ABOUT THIS EXERCISE.
The answer is to be the data that follows, transcribed exactly, minus its pictures.

SUPPLIED MATERIAL.
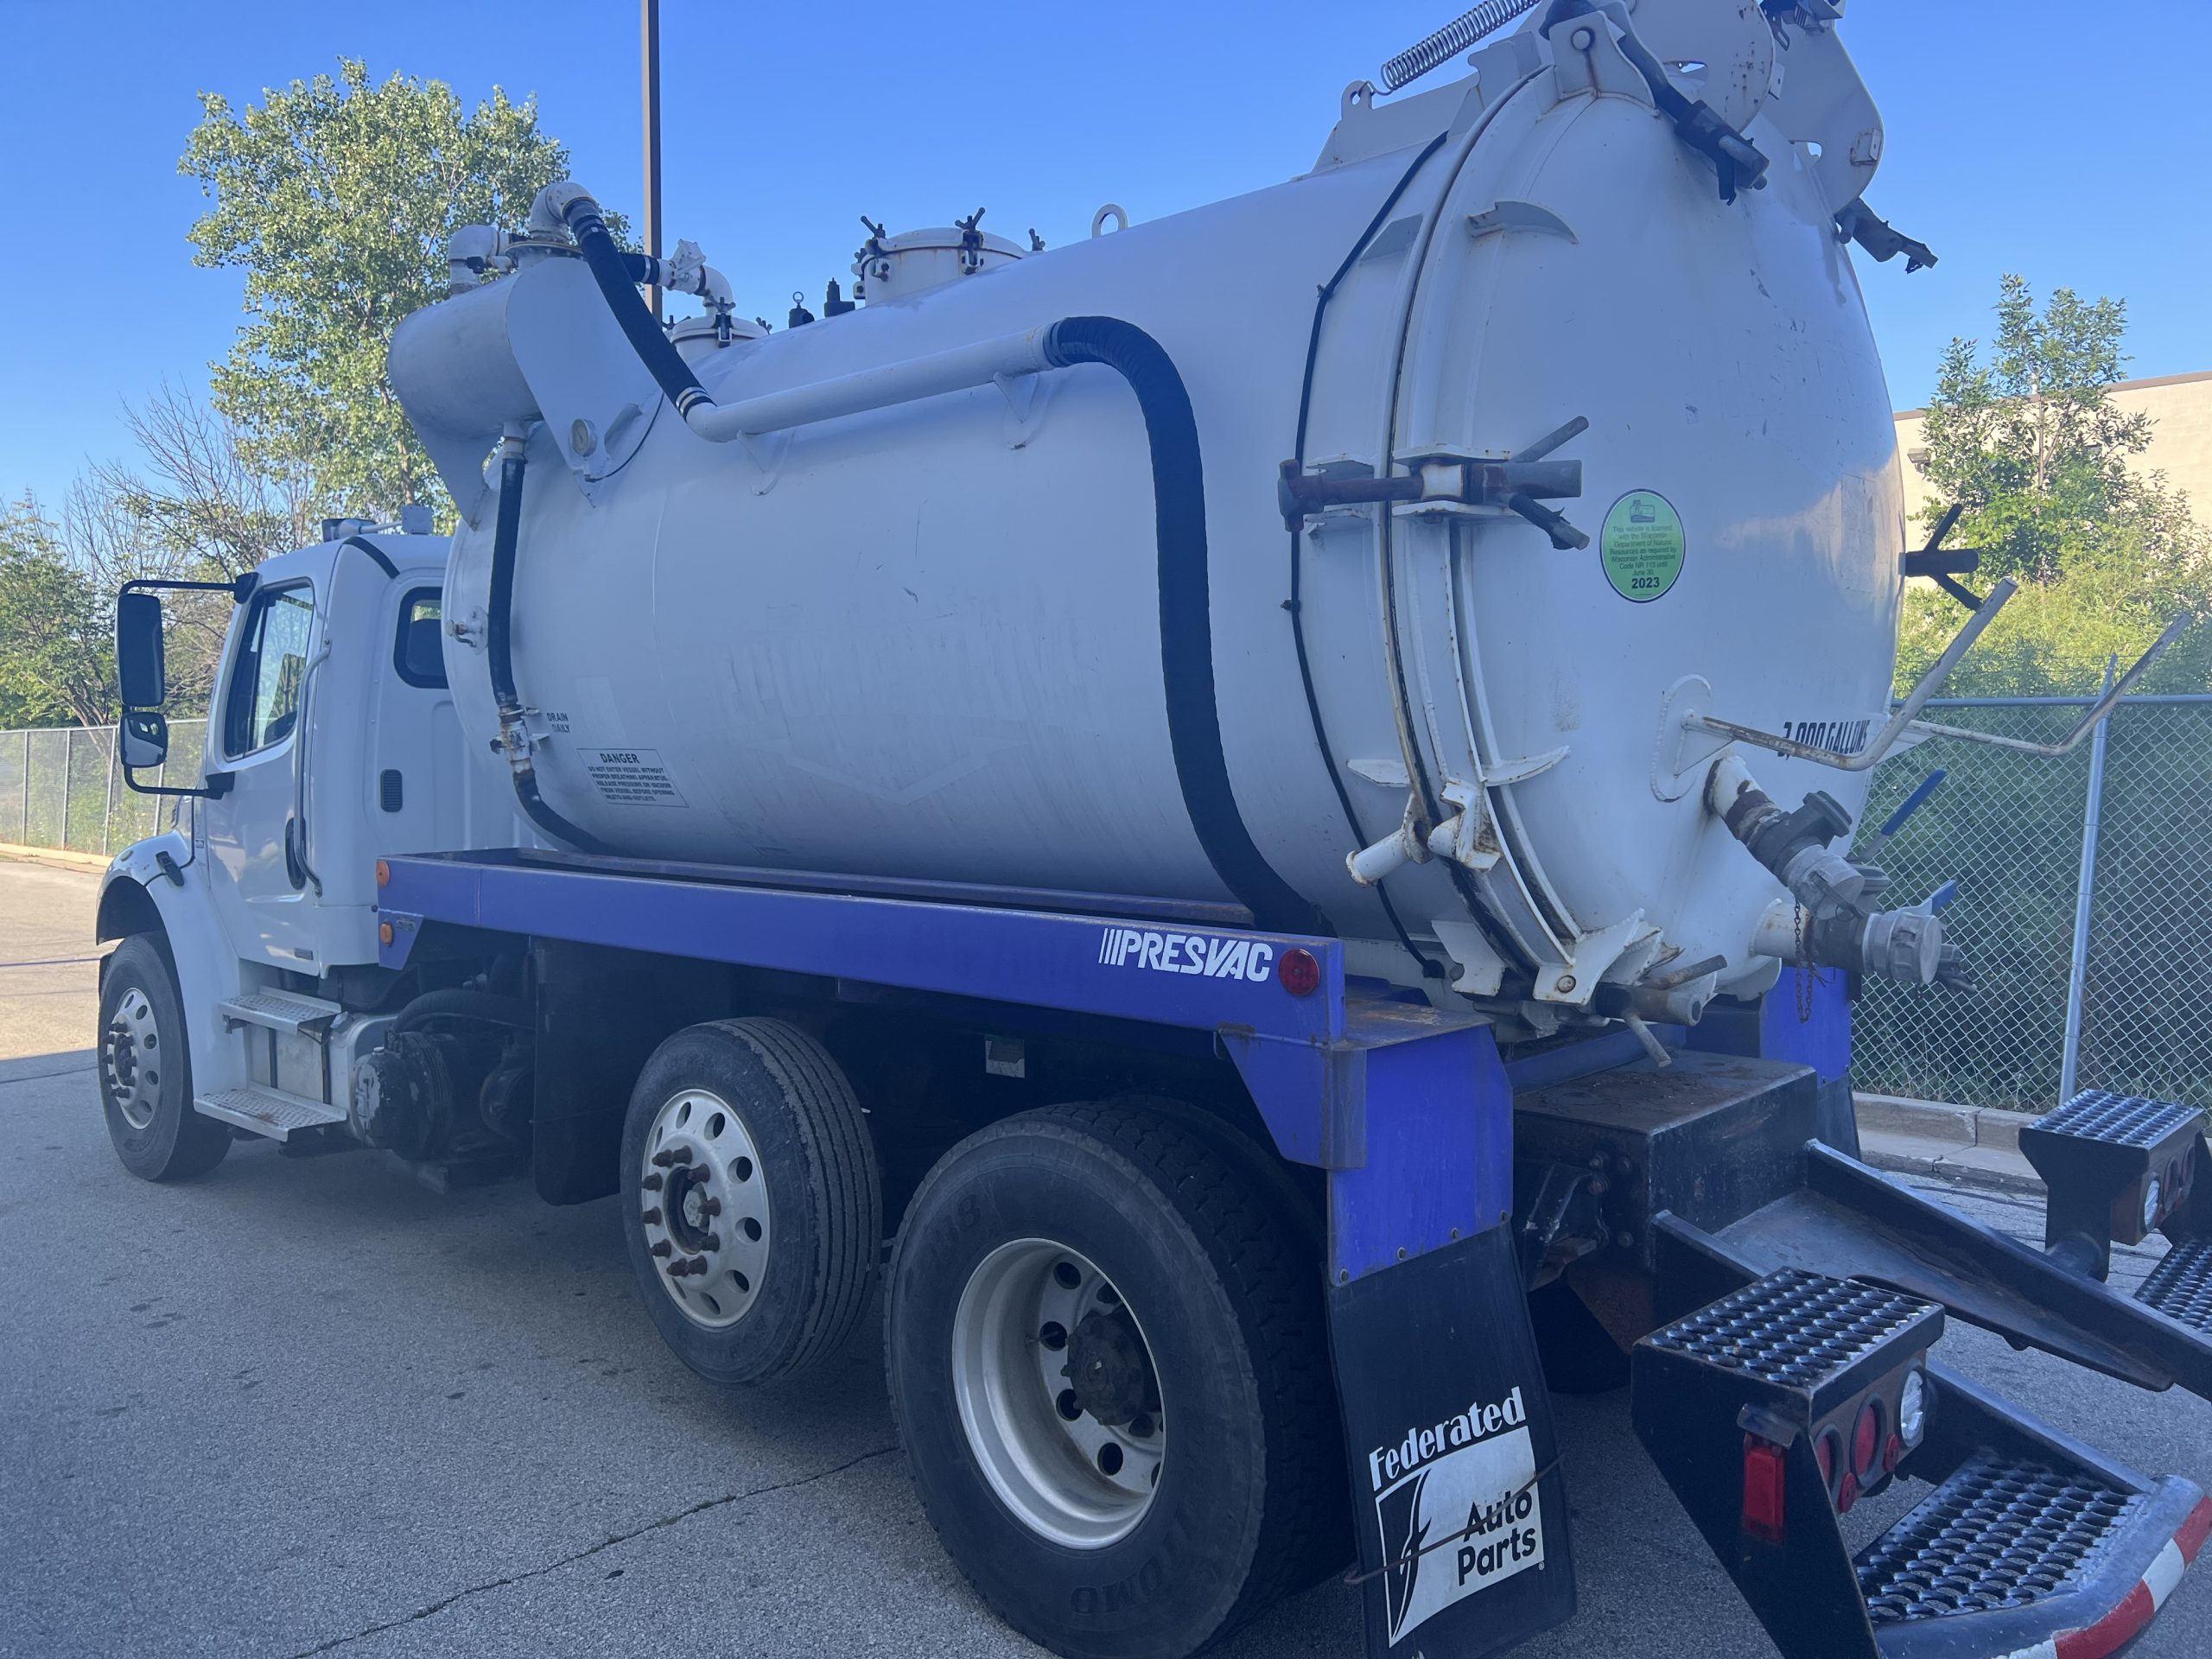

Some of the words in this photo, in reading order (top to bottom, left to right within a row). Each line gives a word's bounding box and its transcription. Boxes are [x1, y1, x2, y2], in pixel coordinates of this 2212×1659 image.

[1614, 540, 1646, 549] Department
[1631, 576, 1660, 589] 2023
[546, 712, 569, 722] DRAIN
[551, 723, 570, 734] DAILY
[1824, 719, 1871, 754] GALLONS
[599, 753, 640, 764] DANGER
[1116, 929, 1274, 982] PRESVAC
[1369, 1386, 1527, 1492] Federated
[1463, 1490, 1532, 1543] Auto
[1458, 1528, 1536, 1587] Parts

OUTPUT BELOW.
Some of the words in this photo, in reading order (top to bottom, left to right within a row). Each line gives a word's bounding box and its transcription. Boxes are [x1, y1, x2, y2], in pixel coordinates of this 2212×1659 image.

[1614, 540, 1646, 549] Department
[1631, 576, 1660, 589] 2023
[546, 712, 569, 722] DRAIN
[551, 723, 570, 734] DAILY
[1824, 719, 1871, 754] GALLONS
[599, 753, 640, 764] DANGER
[1116, 929, 1274, 982] PRESVAC
[1369, 1386, 1527, 1492] Federated
[1463, 1490, 1532, 1543] Auto
[1458, 1528, 1536, 1587] Parts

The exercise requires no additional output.